Linea Directa


EL ENEMIGO PÚBLICO NÚM. 1 DE MÉXICO
Por Gerardo Reyes Gómez (LD 18-11-02)

Qué lejos estaban los ciudadanos mexicanos aquella mañana del 6 de julio del 2000 de imaginar que darían vida a un formidable enemigo. A un ser que, como prospecto, prometía mucho, hablaba valiente, directo, chocarrero y hasta simpático, especialmente si se le comparaba con un par de sus contrincantes, los cuales fríos, acartonados, que abusaban de la pasión fingida, del discurso prefabricado, del gesto poco sincero y de la más o menos velada mentira.

Si bien es cierto que no había mucho de donde escoger, ni el más pesimista de los analistas auguró el encuentro con una figura que con una rapidez inusitada pronto se convertiría en lo que es hoy en día: el enemigo público No. 1 de México. Enemigo jurado de las mejores causas de los mexicanos, de su patrimonio cultural, de su patrimonio económico, de los legados de la historia, pero, sobre todo fue criminal cuando le robó a su pueblo la esperanza en el futuro; le prometió un CAMBIO, así con mayúsculas y en abstracto, y finalmente resultó con la misma gata, nada mas que revolcada.
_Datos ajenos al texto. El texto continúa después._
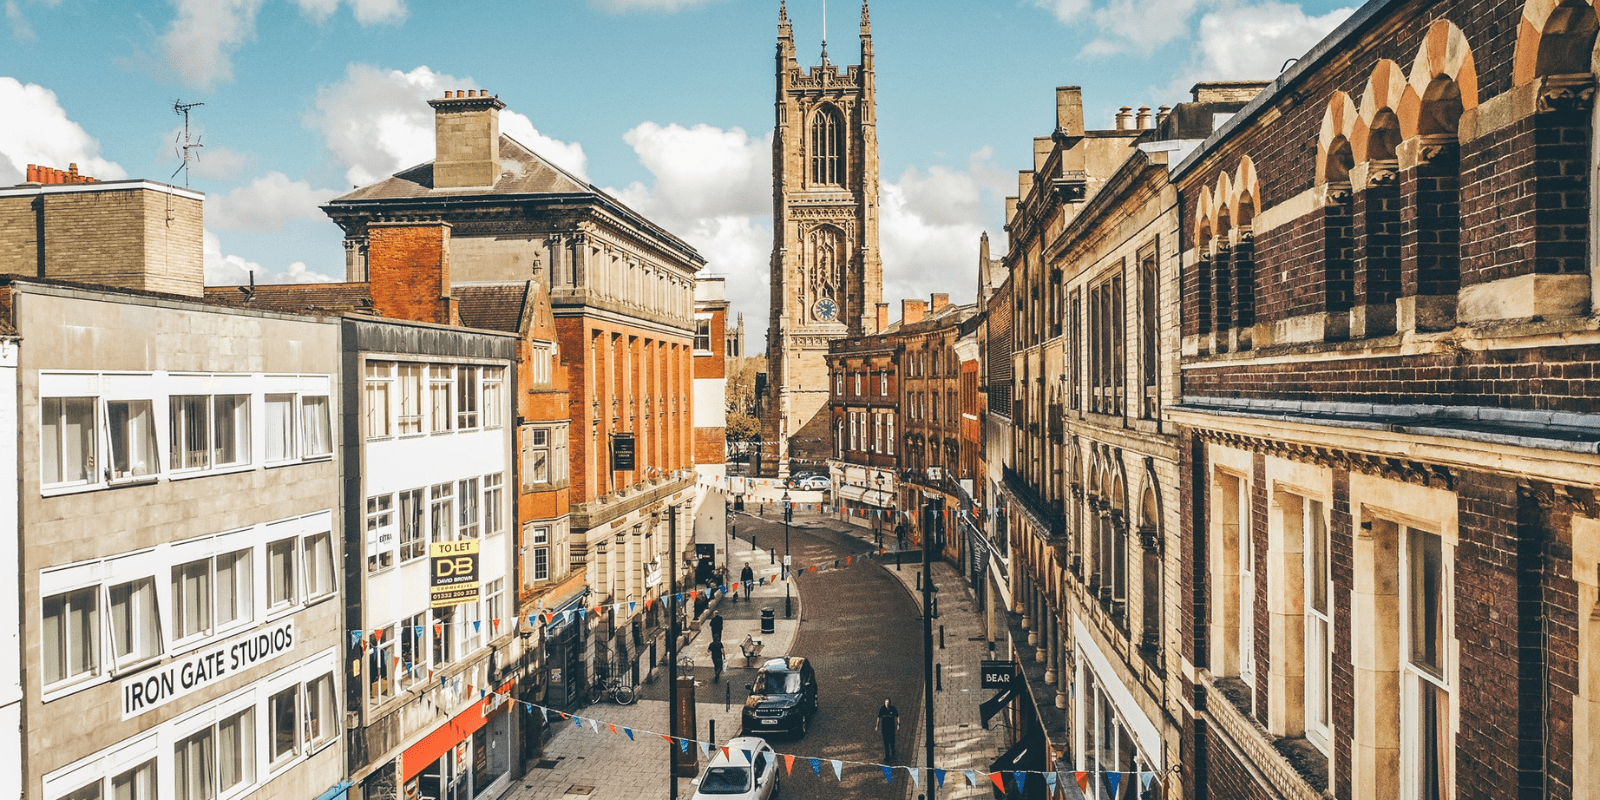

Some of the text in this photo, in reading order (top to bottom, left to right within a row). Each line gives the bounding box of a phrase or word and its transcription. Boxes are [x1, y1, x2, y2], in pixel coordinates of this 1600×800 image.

[439, 542, 470, 553] TO LET
[125, 624, 292, 714] IRON GATE STUDIOS
[986, 673, 1010, 682] BEAR
Afirmamos que él es un enemigo de los mexicanos porque haciéndose pasar por interprete de los anhelos populares trabajó, poniendo lo mejor de sus empeños y desde el primer momento, para el enemigo histórico de  México, porque haciendo uso de un cínico como tramposo lenguaje abusó como nadie de la demagogia. Porque nunca le dijo al pueblo que carecía de proyecto propio, y que, como su antecesor, su misión era traicionar, que su compromiso era con otros, con las transnacionales, que no poseía lealtades sociales que estuvieran más allá de sus contados amigos, de ese grupúsculo de escoria que interesadamente lo llevó al poder. Nunca dijo que traicionaría a su partido, al instituto político que, forzado por los poderosos le prestó la franquicia blanquiazul y que terminaría por utilizarlo como un vil peldaño de modesta cantera para subirse hasta la silla.

Es el enemigo No. 1 porque él, como nadie, ha socavado los valores tradicionales de un pueblo con historia, ha puesto en suerte los recursos estratégicos del país, para que las transnacionales penetren hasta el occipucio en las entrañas del río Unsumacinta, degradando comunidades indígenas, construyendo presas, depredando bosques, inundando el pasado hablante de estelas, frisos y arcos, entre otras ruinas de los mayas. Para que esas mismas transnacionales adquieran derechos en propiedad para explotar energéticos no renovables y chupen del subsuelo de montes y cañadas la sabia negra de las entrañas de la tierra que mantiene en movimiento a millones de motores de la industria extranjera y que nos pagan al precio que ellos establecen. Lo que nos indica que ellos vienen por lo que creen suyo y el enemigo No. 1 nada más los representa.